Cette année, j'ai maintenu la formule de l'an dernier qui consiste à grouper les oeuvres par maison d'édition et à présenter, à l'intérieur de chaque division, les auteurs par ordre alphabétique. Ainsi, pas de discrimination, ce qui ne veut nullement dire que je sois parfaitement objectif, tellement peu, de fait, que je souscris en partie à ce qu'avance Borgès, dans Le livre de sable : « L'imprimerie [...] a été l'un des pires fléaux de l'humanité, car elle a tendu à multiplier jusqu'au vertige des textes inutiles ». Je laisse aux lectrices et aux lecteurs le soin de choisir les titres qu'elles ou qu'ils aimeraient voir figurer à ce triste palmarès.

Boréal

Emma, l'héroïne douteuse de Tequila bang bang !, le deuxième roman de Germaine Dionne, a acheté la maison de sa mère pour s'établir dans un village qui « compte plus de gueules ravagées que de teints fleuris; plus de chômeurs et d'assistés sociaux que de trekkeurs et de véliplanchistes », dans un village, dis-je, qu'elle qualifie de « trou du cul du monde ». L'atmosphère est créée et le lien entre la jeune demoiselle et le milieu qu'elle a choisi est établi.
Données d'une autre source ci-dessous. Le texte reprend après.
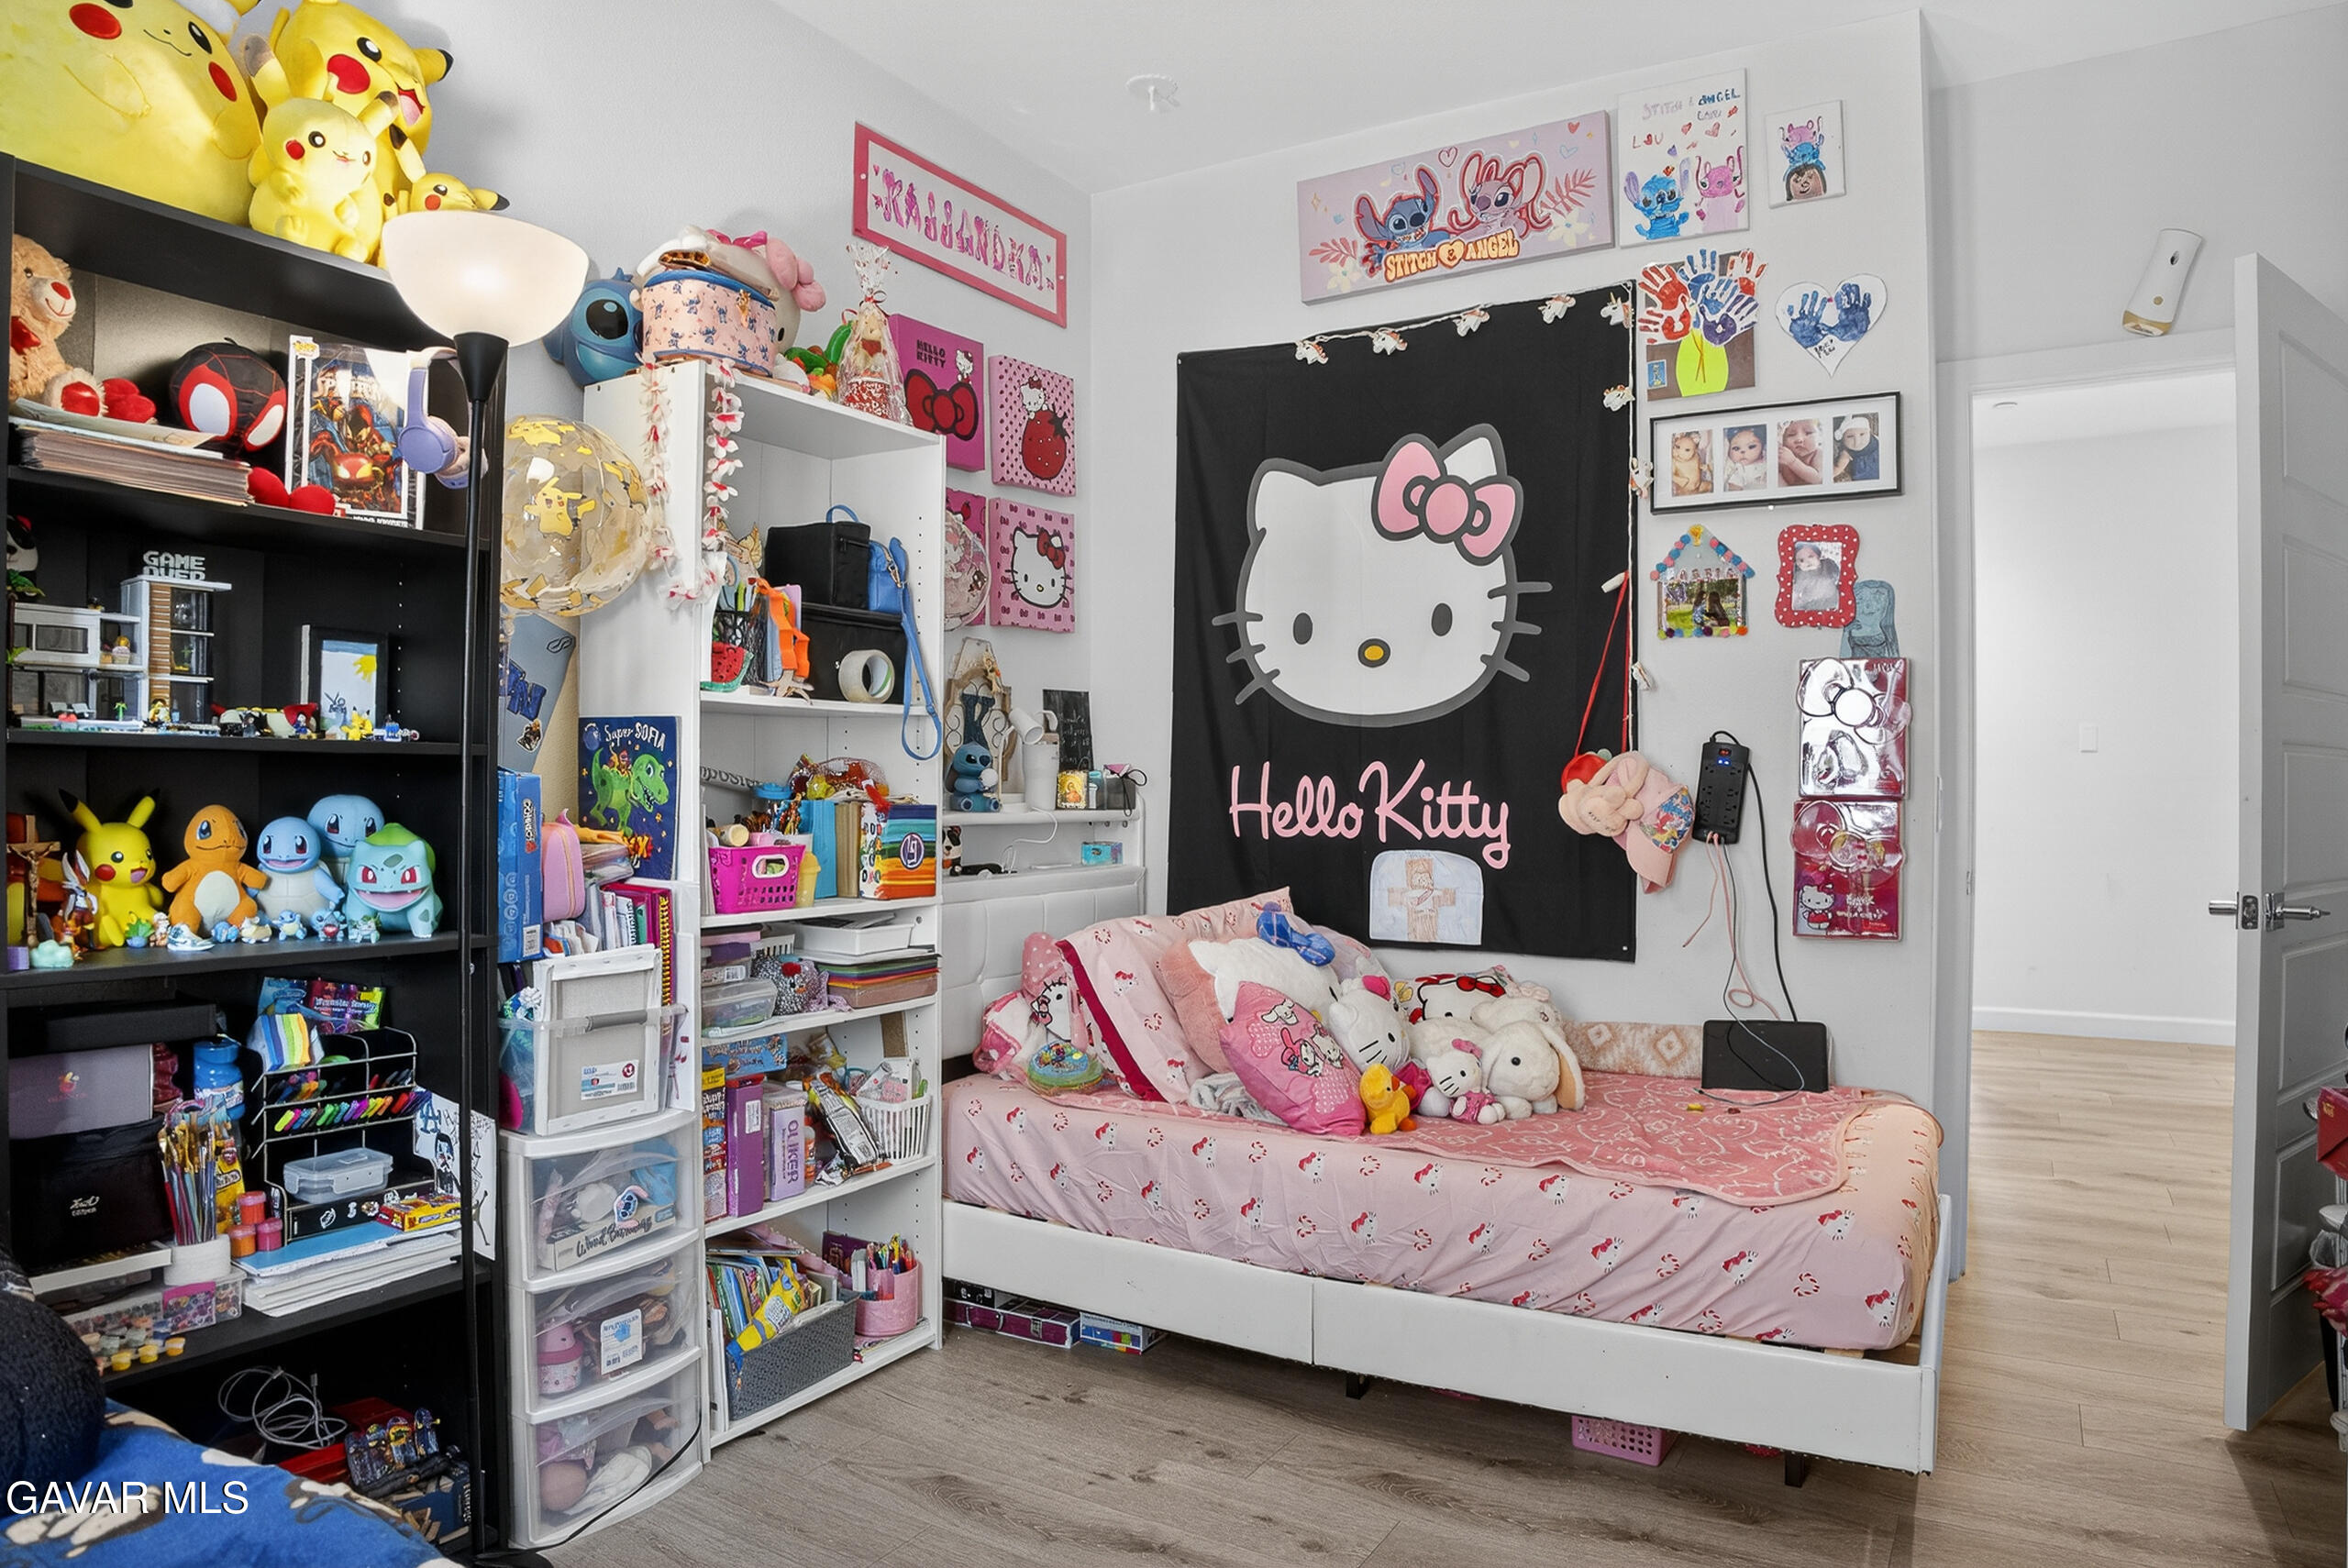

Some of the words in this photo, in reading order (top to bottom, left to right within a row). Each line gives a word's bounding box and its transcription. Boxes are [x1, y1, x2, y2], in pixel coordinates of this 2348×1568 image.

[1385, 250, 1438, 282] STITCH
[1465, 228, 1520, 261] ANGEL
[917, 339, 946, 358] HELLO
[917, 351, 946, 369] KITTY
[143, 550, 205, 570] GAME
[604, 724, 633, 746] Super
[635, 722, 666, 752] SOFIA
[1230, 759, 1364, 840] Hello
[1358, 758, 1512, 870] Kitty
Pour être sûre que son lecteur saisisse ce lien, l'auteure place sa narratrice « à genoux dans les dunes », en train de branler Georges qui lui gicle « entre les seins ». Le portrait qu'Emma et son amie Manon tracent des hommes est on ne peut plus négatif. Le « p'tit Suisse », on s'en doutait, pue le fromage, « Thierry serait homo » et George a eu des « déboires avec une mineure », ce qui fait dire à Manon, la mère exemplaire : « Qu'il s'avise de toucher une seule fois à ma progéniture... Ses couilles, il ne les reverra plus autrement que dans le formol ». C'est un point de vue, celui des femmes pour qui tous les hommes, ceux qui s'intéressent à elles et ceux qui les ignorent, sont des cochons. Mais, comme le dit une vieille chanson populaire, les femmes les valent bien. C'est Emma qui le dit, en apprenant que sa mère revient au village : « Ma mère est une putain ». Les retrouvailles ne se font pas sous le signe de la tendresse et le tout se [End Page 465] termine plutôt mal. Je ne dirai pas pourquoi. Et le titre ? Pour les noninitiés, la narratrice précise: «Une tequila bang bang! Tequila et Seven-up».

David

Les soleils incendiés de Marie-Andrée Donovan est un roman d'une extrême violence, écrit tout en douceur. L'action commence par la suicide du père, chez lui, pendant la récitation du chapelet en famille. Après cela, c'est le silence. Les mots n'arrivant pas à sortir, Caroline cherche en dehors de la maison, des gens pour l'écouter. Elle trouve enfin Emmett. Ils se parlent, ils se comprennent, ils auraient pu devenir amants, mais ils demeurent amis : « Je sais que c'est au pied des tournesols que tout s'est joué. Après l'incendie, je n'ai plus jamais revu Emmett [...]. Les tournesols calcinés ont pénétré la terre et l'ont nourrie de mon histoire ». Quarante ans plus tard, Caroline découvre un tableau d'Emmett, derrière lequel se trouvent une lettre de lui et le carnet que la jeune fille lui avait remis. Ce tableau porte le titre du roman de Marie-Andrée Donovan, indiquant, ainsi, que l'amour des deux héros était réciproque. Ce roman se termine comme il commence, soit par un suicide qui donne à cette histoire un air de légende amérindienne.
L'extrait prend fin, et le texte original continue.